Rick Sebarra, the Minister of Labour in the Liberal government at the time proposed amendments to the Workers’ Compensation Act called Bill 162. While it allegedly would provide fair compensation, it contained cutbacks to rehabilitation funds, and replaced lifetime pensions with separate payments for non-economic loss (NEL) for pain and suffering and future economic loss (FEL).
There was also a troubling issue that came to be known as “deeming”. Workers’ Compensation Board officials would have the power to “deem” workers able to work at certain jobs at a certain level, whether these jobs existed or not.
In October 1988, frustrated injured workers protested against Bill 162 at Queen’s Park, and only left when Ontario NDP leader Bob Rae convinced them he would look into it. An official letter from Rae confirmed that “an NDP government would move swiftly to remove deeming.” This was not a promise that was kept when he was elected in 1990.
At a conference in 1990, the Ontario Network of Injured Workers was formed by activists. The group was dedicated to taking up the cause of individual injured workers and fight for justice.
The NDP government then introduced Bill 165 did include an additional $200/month to older injured workers, but used the “Friedland Formula” that ended the full indexing of the pension. In spite of hearings, the bill was passed into law.
Harris Cutbacks
A Royal Commission into injured workers was cut short by the Mike Harris Conservative government. Their Bill 99 brought extreme cuts to the program in 1999, including early and usafe returns to work, experience ratings, and with the funneling of injured workers into low-paid and often unsuitable jobs. A 24-7 snitch line and secret videotaping was set up to report workers if they left their homes to get groceries or cut their lawns.

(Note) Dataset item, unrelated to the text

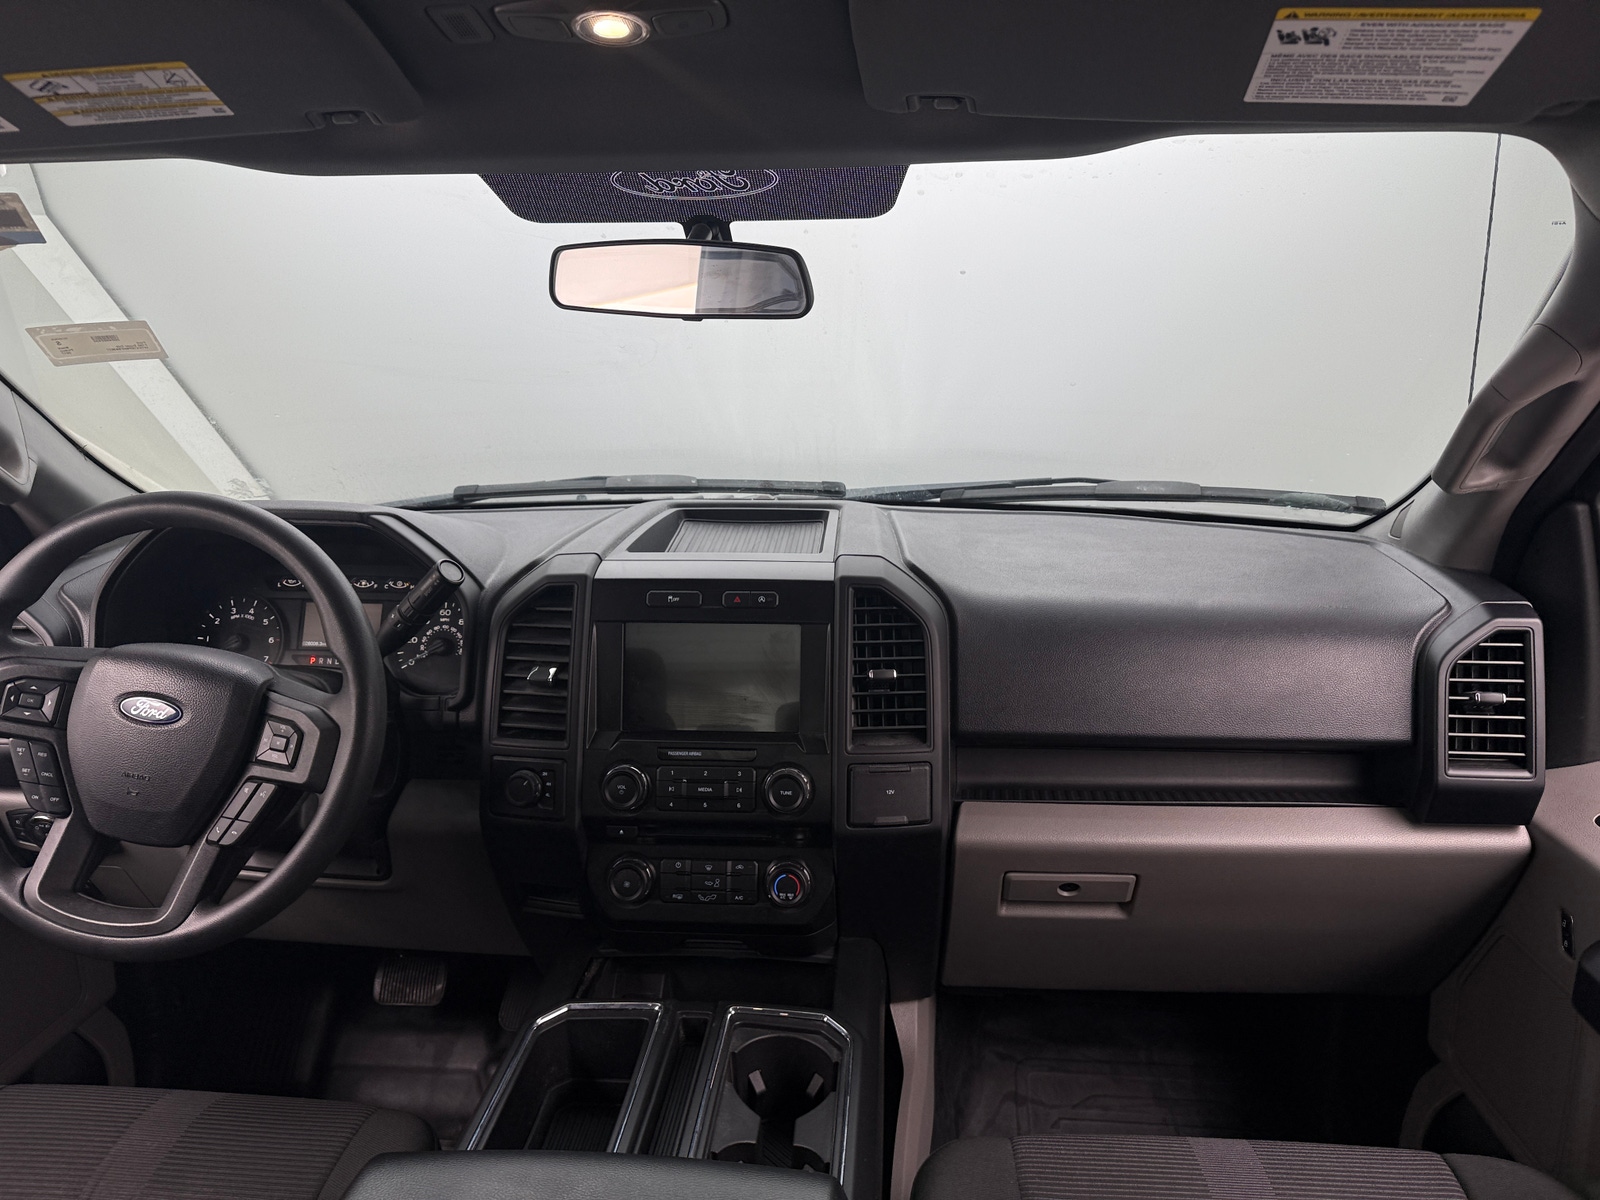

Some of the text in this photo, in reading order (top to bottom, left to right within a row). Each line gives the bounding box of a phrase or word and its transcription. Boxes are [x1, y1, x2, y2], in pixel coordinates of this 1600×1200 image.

While worker fraud wasn’t found to be a significant issue by these measures, employer fraud was. Linda Lamoureux, Director of the Special Investigations Branch of the WSIB, found widespread fraud and abuse on the part of employers across the province.
The Struggle Continues
Over time, the makeup of injured workers had changed from predominantly construction workers to workers of colour from all sectors of the economy.
Today, workers have to fight for recognition of injuries, even when medical evidence is on their side. They have learned that being patient just doesn’t work. It’s all about standing up and fighting for benefits, and getting support from other injured workers.